Tous les paiements continueront d’être liés au respect d’un certain nombre d’exigences de base relatives à l’environnement, au bien-être des animaux et aux normes de santé des plantes et des animaux. Cependant, la conformité croisée sera grandement simplifiée. [45]

Pourquoi une réforme de la PAC?

  • Il est nécessaire de répondre aux défis économiques, environnementaux et territoriaux auxquels les zones agricoles et rurales sont confrontées aujourd’hui et à l’avenir, et de mieux adapter la PAC à la stratégie Europe 2020 pour une croissance intelligente, durable et inclusive.
  • Il est nécessaire de rendre la politique plus efficiente et efficace, ainsi que de la simplifier davantage tout en maintenant une gestion financière et une contrôlabilité saines
  • Le soutien de la PAC pourrait être rendu plus équitable et plus équilibré entre les États membres et les agriculteurs et mieux ciblé sur les agriculteurs actifs.

Les prochaines étapes

La Commission a présenté ses propositions législatives le 12 octobre 2011. Le Parlement européen et le Conseil ont débattu du texte. L’approbation des différents règlements et actes d’exécution a été reçue à la mi-2013. La réforme de la PAC est entrée en vigueur le 1er janvier 2014.

Pour la première fois, les deux institutions (le Parlement européen et le Conseil) ont décidé d’être sur un pied d’égalité avec le nouveau paquet législatif sur l’agriculture.

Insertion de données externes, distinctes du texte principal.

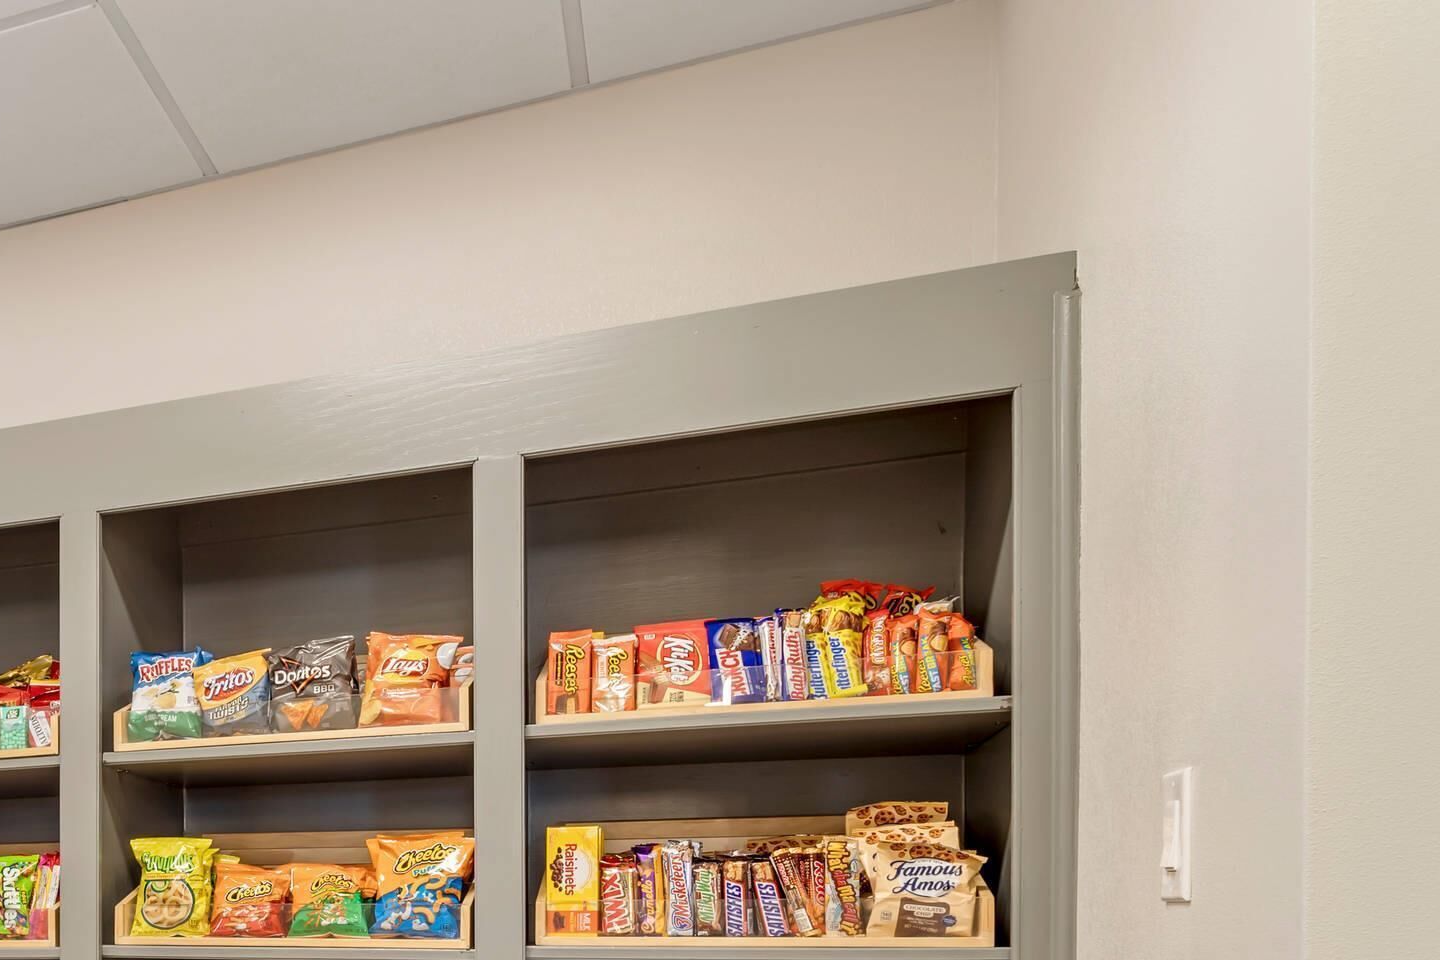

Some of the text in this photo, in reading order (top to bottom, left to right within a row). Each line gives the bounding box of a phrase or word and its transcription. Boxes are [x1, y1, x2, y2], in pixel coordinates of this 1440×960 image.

[834, 637, 852, 690] tterfinger
[871, 633, 887, 665] GRAND
[139, 657, 193, 683] RUFFLES
[274, 664, 331, 685] Doritos
[382, 657, 428, 677] Lay's
[565, 644, 585, 695] Reese's
[203, 669, 256, 701] Fritos
[313, 684, 335, 693] BBQ
[393, 844, 458, 874] Cheetos
[413, 865, 440, 877] Puff
[564, 843, 578, 896] Raisinets
[887, 860, 962, 881] Famous
[2, 866, 20, 929] Skittles
[225, 880, 273, 902] Cheetos
[310, 874, 354, 892] Cheetos
[674, 854, 690, 918] Musketeers
[892, 877, 951, 894] Amos
[601, 872, 626, 933] TWIX
[725, 881, 743, 937] SATISFIES
[757, 881, 784, 937] SATISFIES
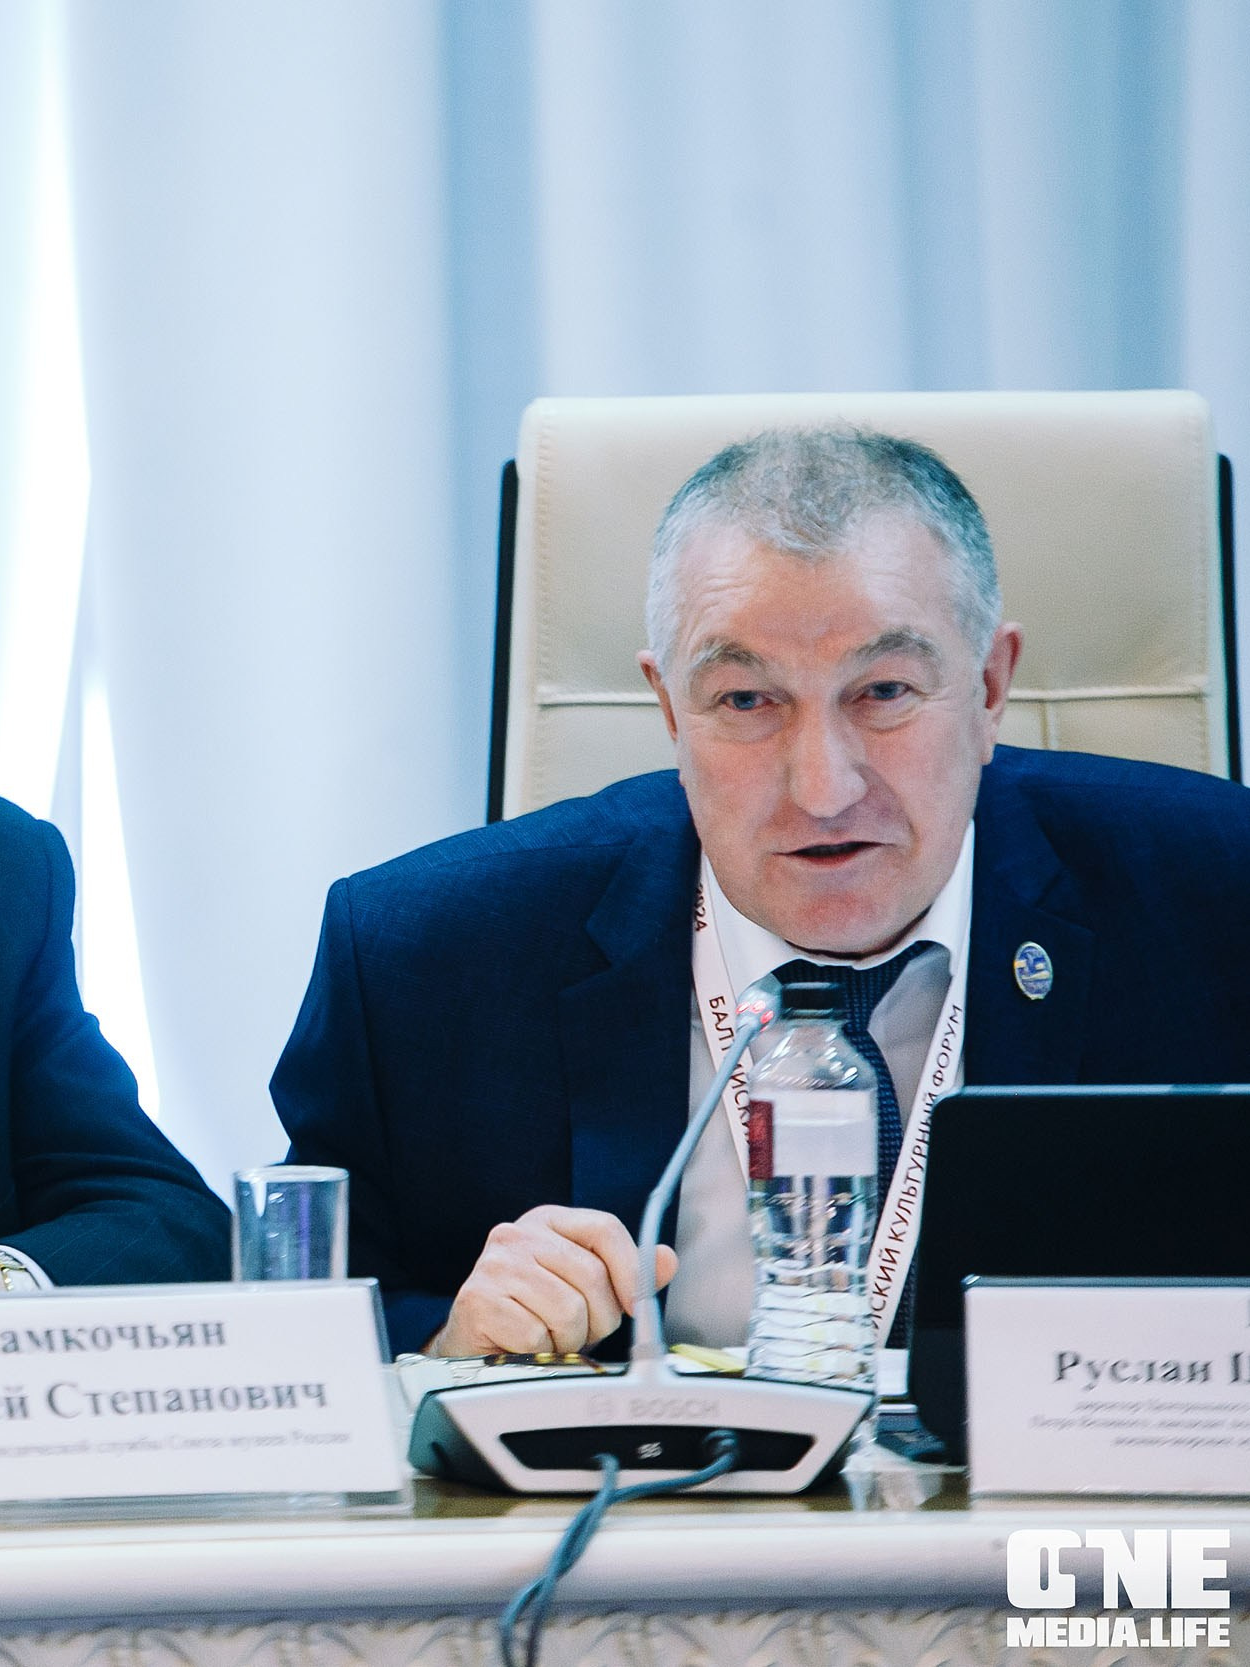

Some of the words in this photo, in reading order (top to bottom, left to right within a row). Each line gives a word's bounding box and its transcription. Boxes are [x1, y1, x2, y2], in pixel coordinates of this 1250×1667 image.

[932, 1004, 963, 1087] ФОРУМ
[1054, 1350, 1213, 1392] Руслан
[44, 1381, 327, 1420] Степанович
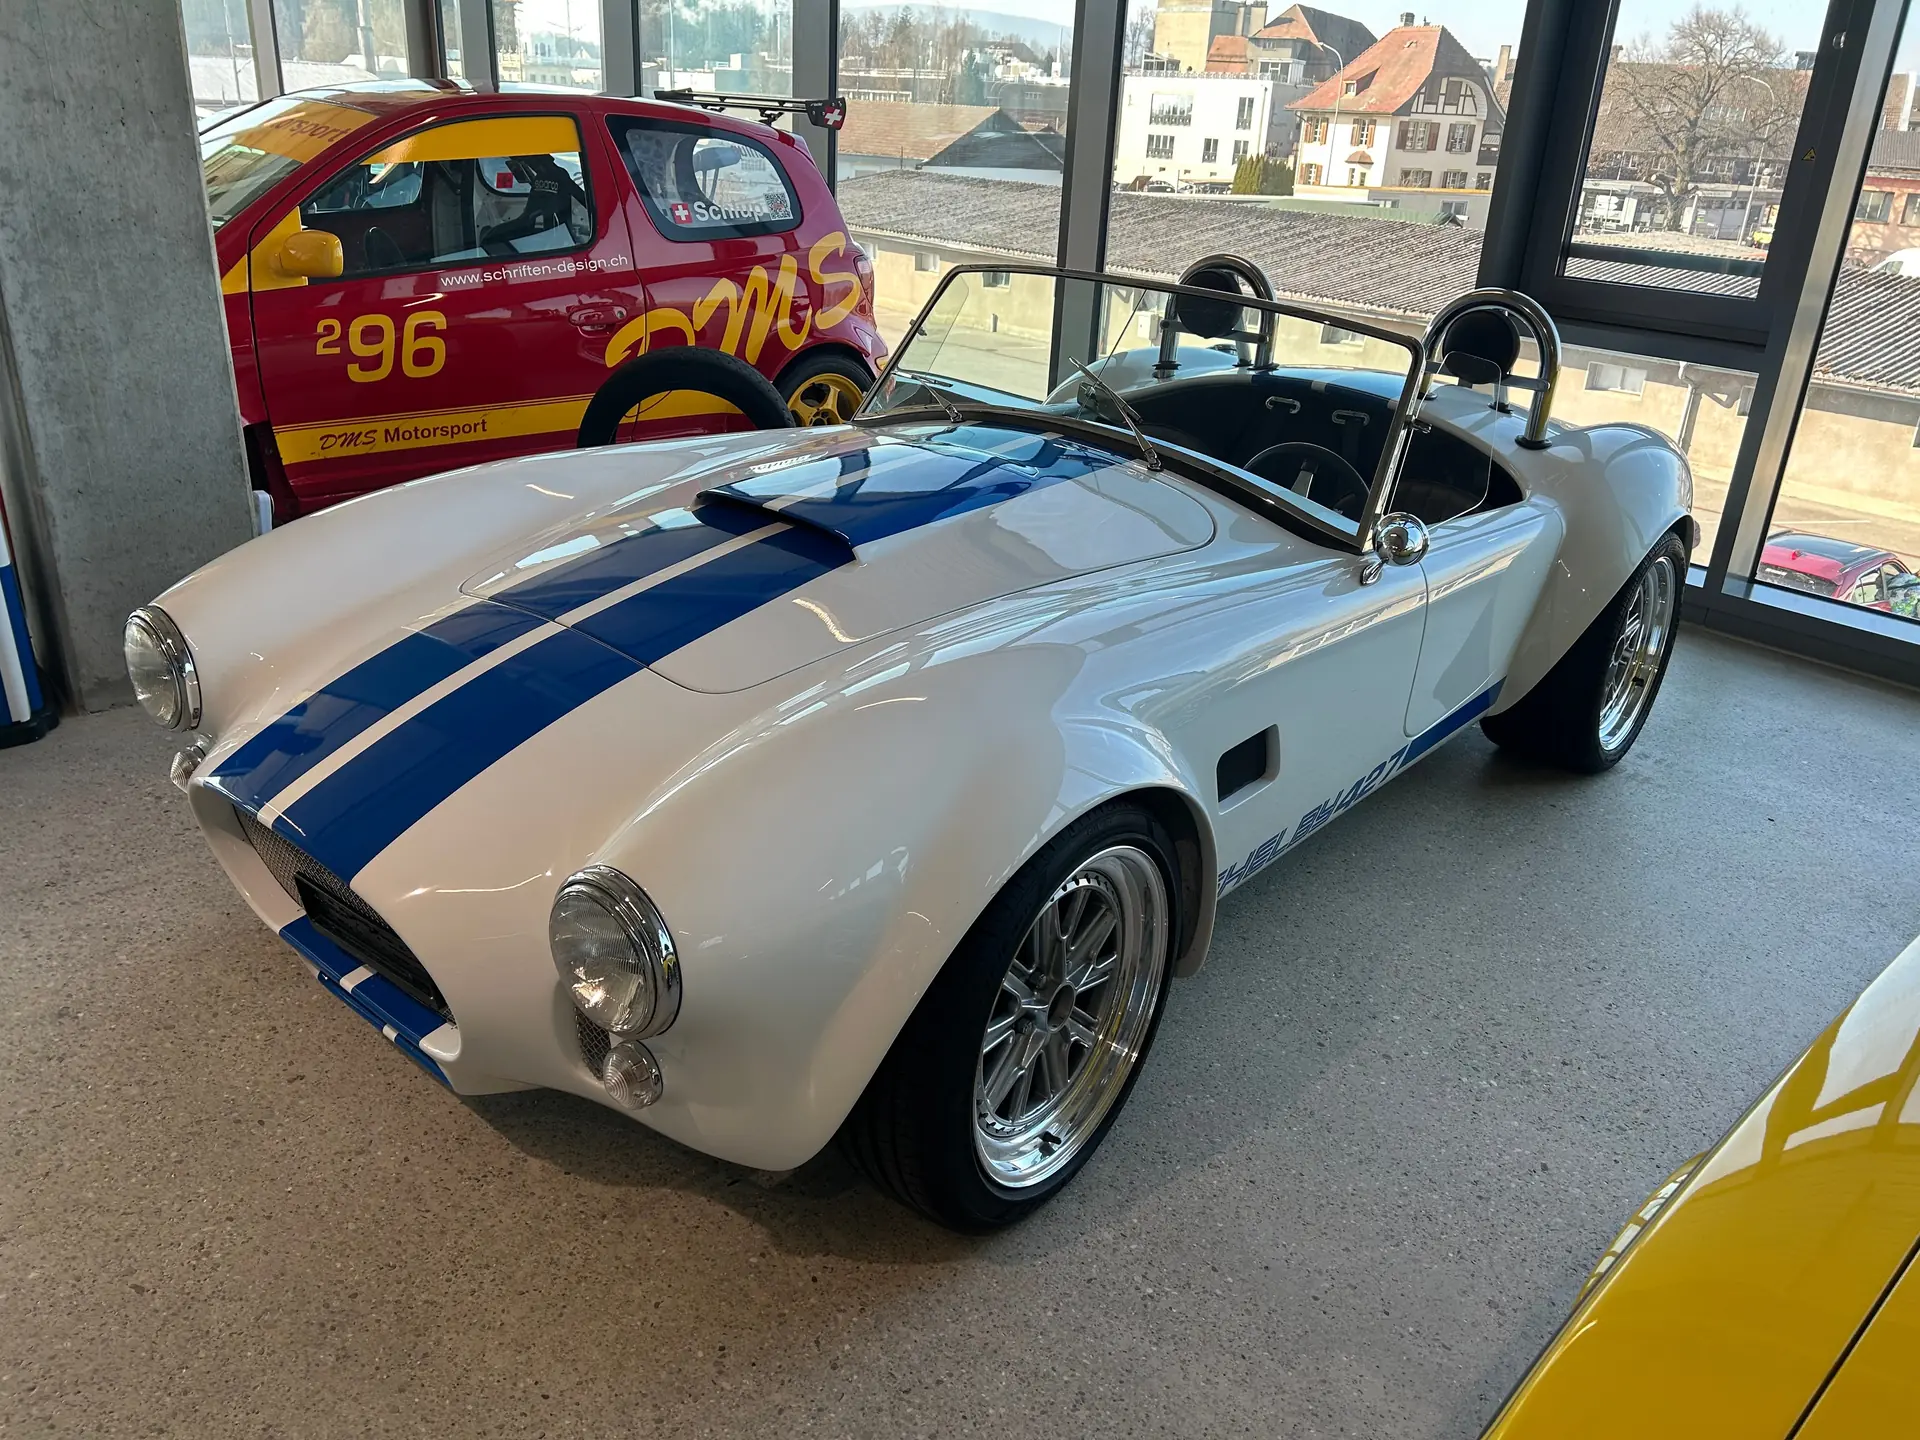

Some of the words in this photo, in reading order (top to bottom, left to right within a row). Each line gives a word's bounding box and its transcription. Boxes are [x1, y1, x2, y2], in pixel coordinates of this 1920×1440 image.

[274, 118, 352, 142] orsport
[440, 254, 628, 287] www.schriften-design.ch
[316, 310, 447, 383] 296
[319, 429, 378, 450] DMS
[384, 418, 488, 443] Motorsport

Le traité de Lisbonne, entré en vigueur le 1er décembre 2009, a étendu les pouvoirs législatifs du PE. Sur les questions agricoles, maintenant le Parlement européen décide conjointement avec le Conseil dans une procédure connue sous le nom de codécision procédure.

Critique

La PAC a été vivement critiquée par de nombreux intérêts divers depuis sa création. La critique a été vaste, et même la Commission européenne a longtemps été convaincue [la citation nécessaire ] des nombreux défauts de la politique. En mai 2007, la Suède est devenue le premier pays de l’UE à prendre la position que toutes les subventions agricoles de l’UE devraient être abolies, à l’exception de celles liées à la protection de l’environnement. [46]

Anti-développement

De nombreux pays en développement sont fortement dépendants de l’agriculture. La FAO constate que l’agriculture assure la subsistance de 70% des personnes les plus pauvres du monde. Ainsi, les subventions de la PAC sont censées empêcher les pays en développement d’exporter des produits agricoles vers l’UE dans des conditions équitables. Le Cycle de Doha pour le développement de l’ OMC , qui avait pour but d’accroître le développement mondial, a stagné en raison du refus des pays développés de supprimer les subventions agricoles.

Un examen de la proposition post-2013 du professeur Alan Matthews souligne le manque d’ambition dans la lutte contre ce problème. « Cette réforme de la PAC ne vise pas à supprimer les obstacles commerciaux utilisés pour maintenir des prix du marché de l’ UE plus élevés que les niveaux du marché mondial. L’UE a réduit l’effet de ces obstacles à un certain nombre de pays en développement par l’ extension du champ d’accès préférentiel en vertu de divers échanges les accordset une nouvelle réduction est en cours de négociation dans le cadre du cycle de Doha de l’OMC. Néanmoins, les pays en développement seront déçus que cette réforme n’ait pas permis de fixer une date limite pour la suppression des subventions à l’exportation. Une réforme de la PAC plus ambitieuse, dans laquelle le ciblage des paiements directs a été poursuivi plus insistante et les paiements couplés ont été éliminées, aurait également un effet plus important pour éliminer les distorsions restantes causées par la PAC aux marchés mondiaux. » [47] Dans une autre étude , M. Matthews a montré comment lier les subventions agricoles de l’UE à des objectifs tels que la protection de l’environnement pourrait aider les agriculteurs des pays pauvres, bien que cela dépende beaucoup de l’importance des paiements et de la manière dont ils sont effectués. [48]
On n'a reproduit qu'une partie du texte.